Here, our data evidence the importance of Lrp5 and Lrp6 acting together, because double knockout mice are lethal before birth, while single knockouts mice are viable (Figure 1E). This means that the ectopic expression and subsequent knockout of one of the Lrp genes has a less serious effect than the knockout of both Lrp genes in those ectopic cells, where HSA-Cre is expressed. Previous reports indicate a more severe phenotype in Lrp6 in comparison with Lrp5 knockout mice [66,67]. Interestingly, our data analyzing conditional Lrp5 or Lrp6 knockout muscles are in agreement with the previous data, arguing for non-related function of these two co-receptors. Both conditional Lrp5 or Lrp6 knockout mice show profound impairments in adult skeletal muscle fibers and at NMJs. In adult muscle fibers, (1) oxidative metabolism is little reduced in mutant mice in comparison with controls (Figure 2A,C,D), (2) myosin heavy chain distribution and cross-sectional areas are disorganized in conditional Lrp6 knockout mice (Figure 3), (3) canonical Wnt target gene expression is reduced (Figure 4A,B), and (4) myogenic gene expression profiles are partially modified (Figure 4C,D). At the NMJs of conditional Lrp5 or Lrp6 knockout mice, we observed (1) slightly altered synaptic gene expression (Figure 4E), (2) enlarged endplate width in diaphragm muscle (Figure 5A,C), (3) fragmentation of NMJs (Figure 5B,D,E), and (4) slightly but significantly impaired neuromuscular transmission (Figure 6).

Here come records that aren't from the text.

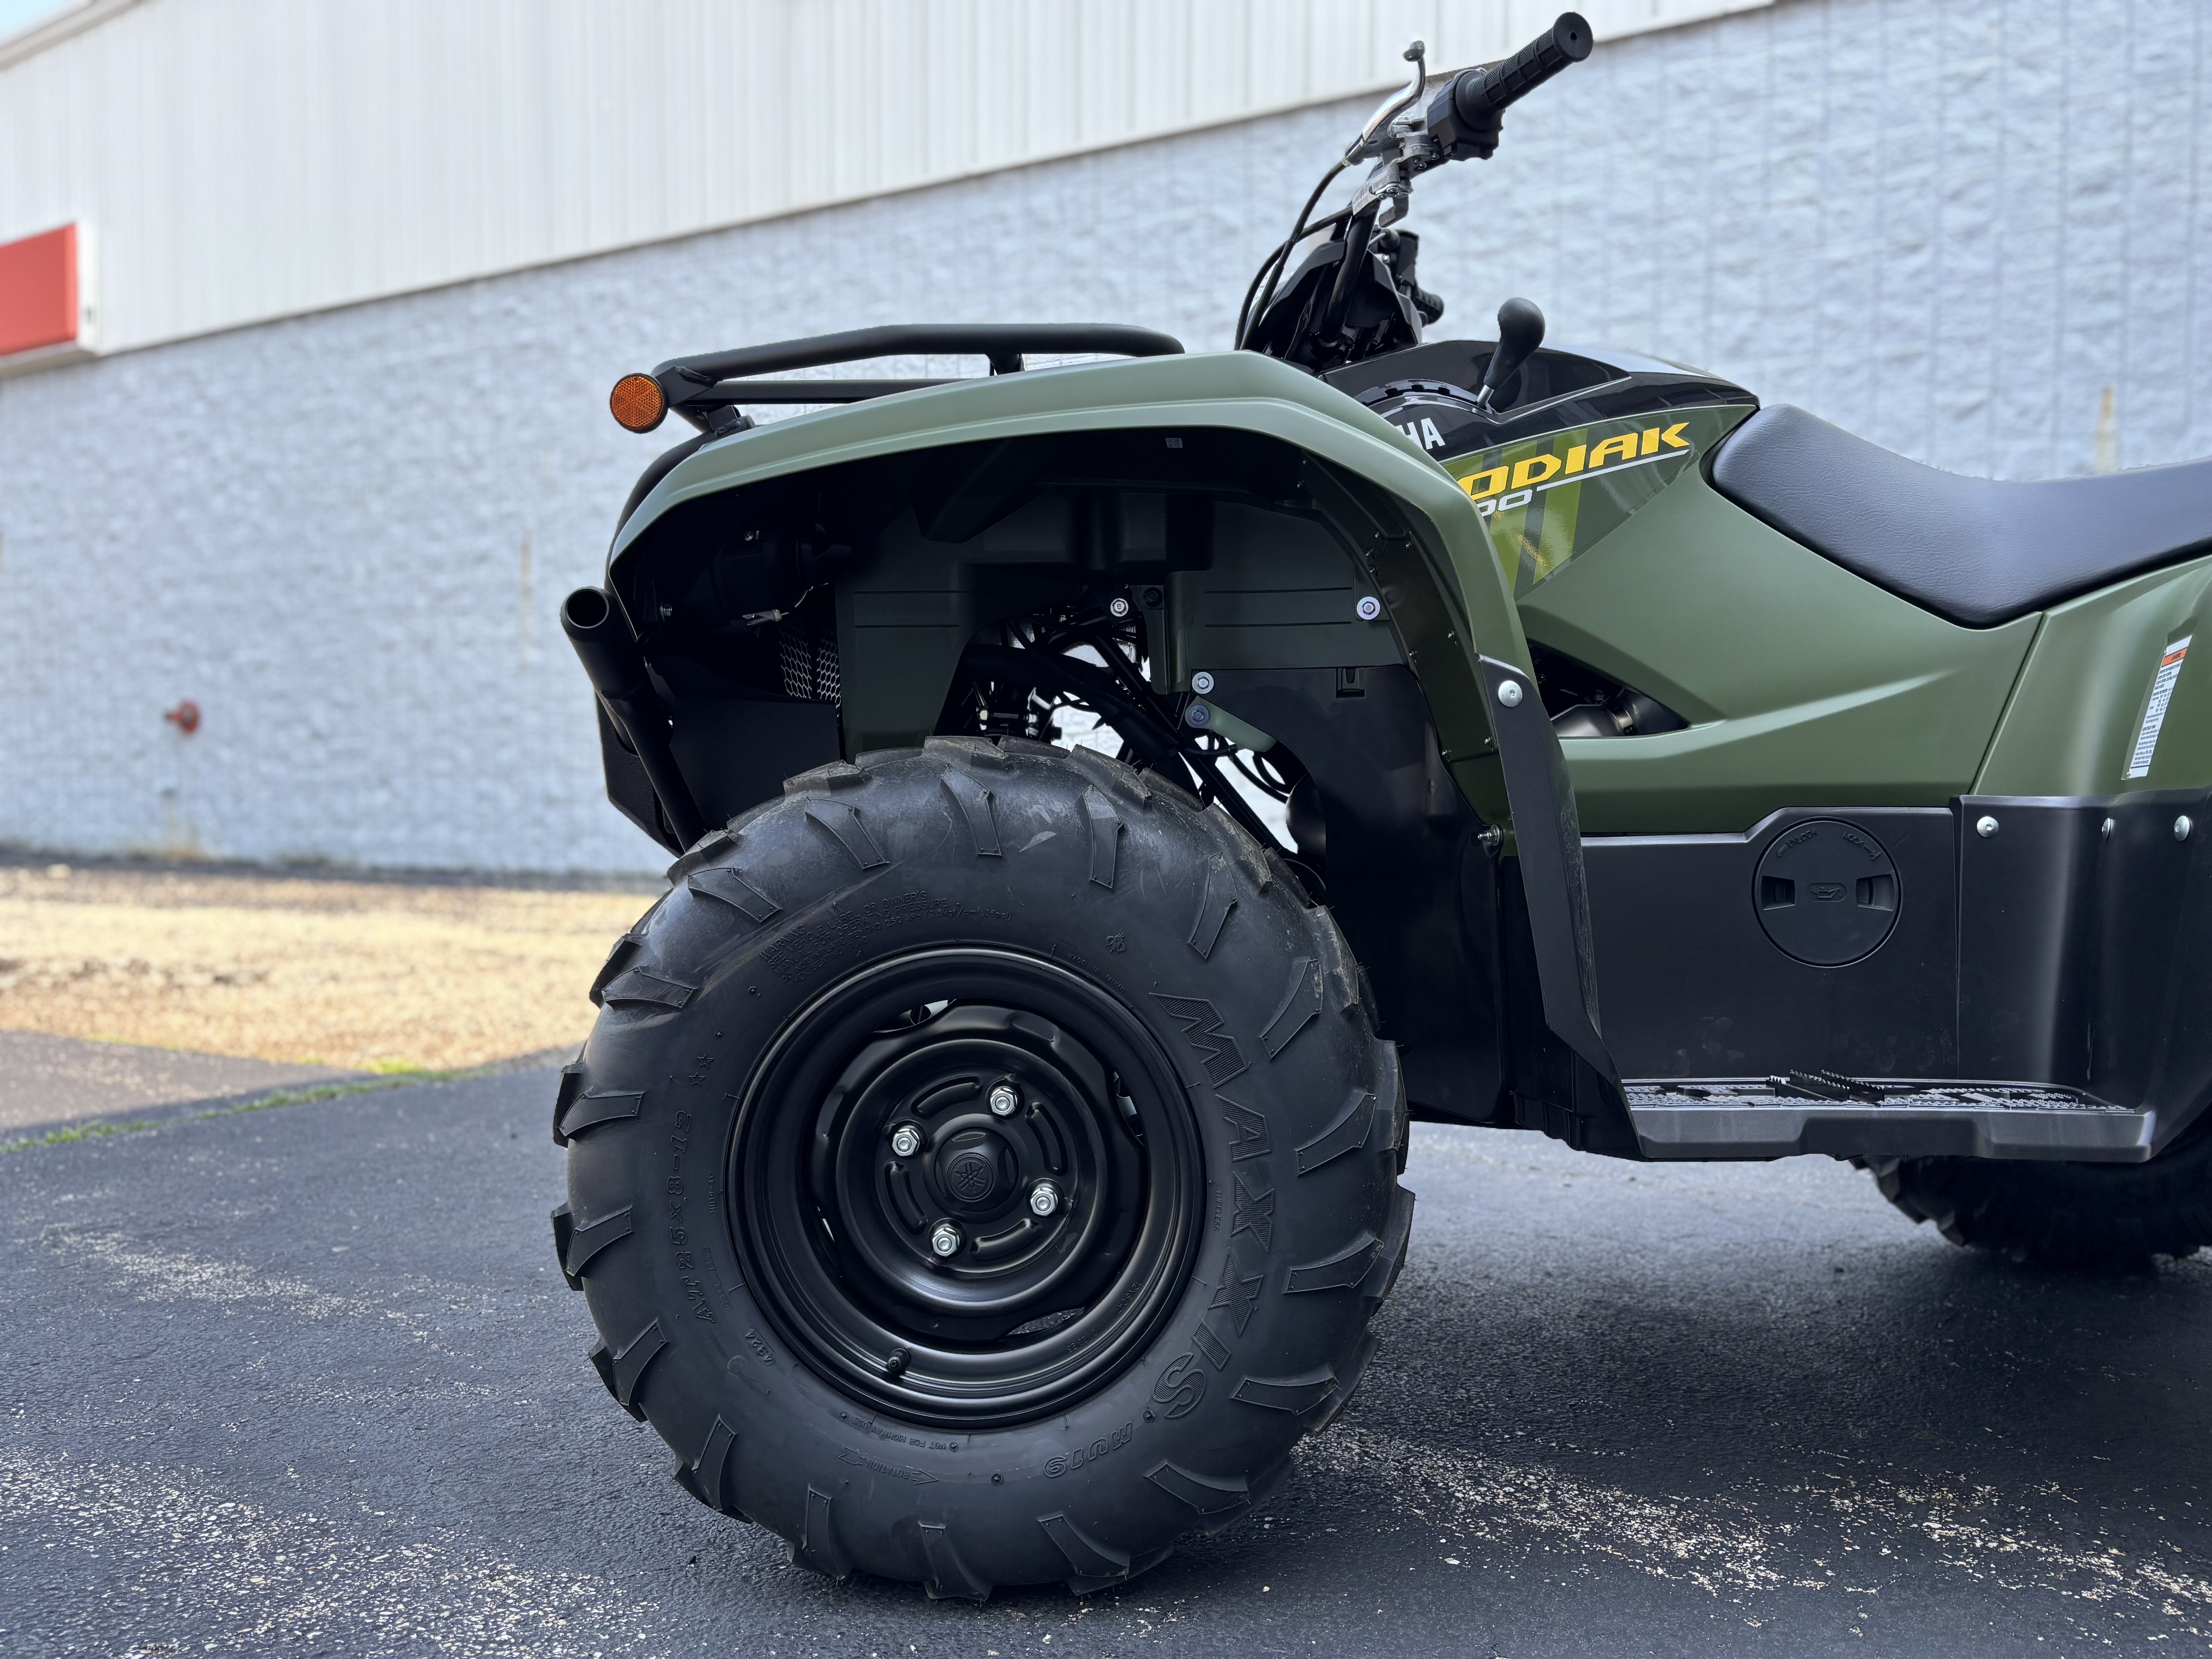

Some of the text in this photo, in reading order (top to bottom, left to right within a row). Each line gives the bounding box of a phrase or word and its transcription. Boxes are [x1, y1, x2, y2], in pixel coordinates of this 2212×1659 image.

[1786, 828, 1817, 848] UNLOCK
[1842, 831, 1865, 848] LOCK
[768, 890, 926, 968] SEE VEHICLE LABEL OR OWNER'S
[813, 932, 832, 948] FOR
[836, 908, 890, 935] OPERATING
[885, 916, 901, 926] 250
[906, 912, 921, 921] kPa
[760, 923, 805, 961] WARNING
[1068, 953, 1085, 965] MADE
[1105, 974, 1126, 991] TAIWAN
[1149, 992, 1276, 1419] MAXXIS
[1212, 1190, 1223, 1232] TUBELESS
[853, 1417, 946, 1450] NOT FOR HIGHWAY USE
[1043, 1421, 1133, 1478] MU19
[866, 1460, 909, 1479] ROTATION

The data we obtained for adult muscle fibers in mutant mice suggest a potential involvement of canonical Wnt signaling in fiber type distribution and metabolic status of the fibers. At NMJs, it appears that canonical Wnt signaling is influenced by the classical Wnt co-receptors Lrp5 and Lrp6, and their role in relation to MuSK-CRD requires further study. Interestingly, endplate band width is gradually enlarged in conditional Lrp5 or Lrp6 knockout mice (Figure 5A,C). It might be worth to analyze whether prepatterning is differently affected in conditional Lrp5 or Lrp6 knockout mice by analyzing diaphragms of E13 and E18 embryos. Fragmentation of NMJs looking at conditional Lrp5 or Lrp6 knockout mice (Figure 5B,D,E) might be related to modified synaptic gene expression (Figure 4E).
Previously, conditional muscle-specific knockout of β-catenin, the key transcriptional co-activator of canonical Wnt signaling, was shown to consequence in a retrograde regulation of motoneuron differentiation in mice [29]. In our experiments, the gene expression level of β-catenin is unchanged in conditional Lrp5 or Lrp6 knockout mice (Figure 4F), but the expression level of a typical canonical Wnt target gene, Axin2, is significantly reduced (Figure 4A,B,F). It is likely that both Lrp5 and Lrp6 should be knocked out to detect retrograde regulation of motoneuron differentiation.
In summary, both Lrp5 and Lrp6 apparently play different roles in adult skeletal muscle fibers and at NMJs; they are not replaceable by each other. Future studies also involving the double knockout and the MuSK CRD mutant mice should help to address many more questions and move towards better understanding of the role of WNT receptors in skeletal muscle biology.

Supplementary Materials

The following supporting information can be downloaded at: https://www.mdpi.com/article/10.3390/cells11243968/s1, Table S1: Tabular presentation of oligonucleotide sequences.

Author Contributions

L.G., C.K., M.M. and Y.J. performed experiments and analyzed data. S.H. designed the study directed the research and revised the experimental data. L.G. and S.H. wrote the manuscript. All authors have read and agreed to the published version of the manuscript.

Funding

This research was funded by the German Research Council (DFG). Grants HA3309/3-1, HA3309/6-1, and HA3309/7-1, all to S.H.

Acknowledgments

We are grateful to Gabriela G Loots (Lawrence Livermore National Laboratory, USA) for making floxed Lrp5 and Lrp6 mice available to us.

Conflicts of Interest

The authors declare no conflict of interest.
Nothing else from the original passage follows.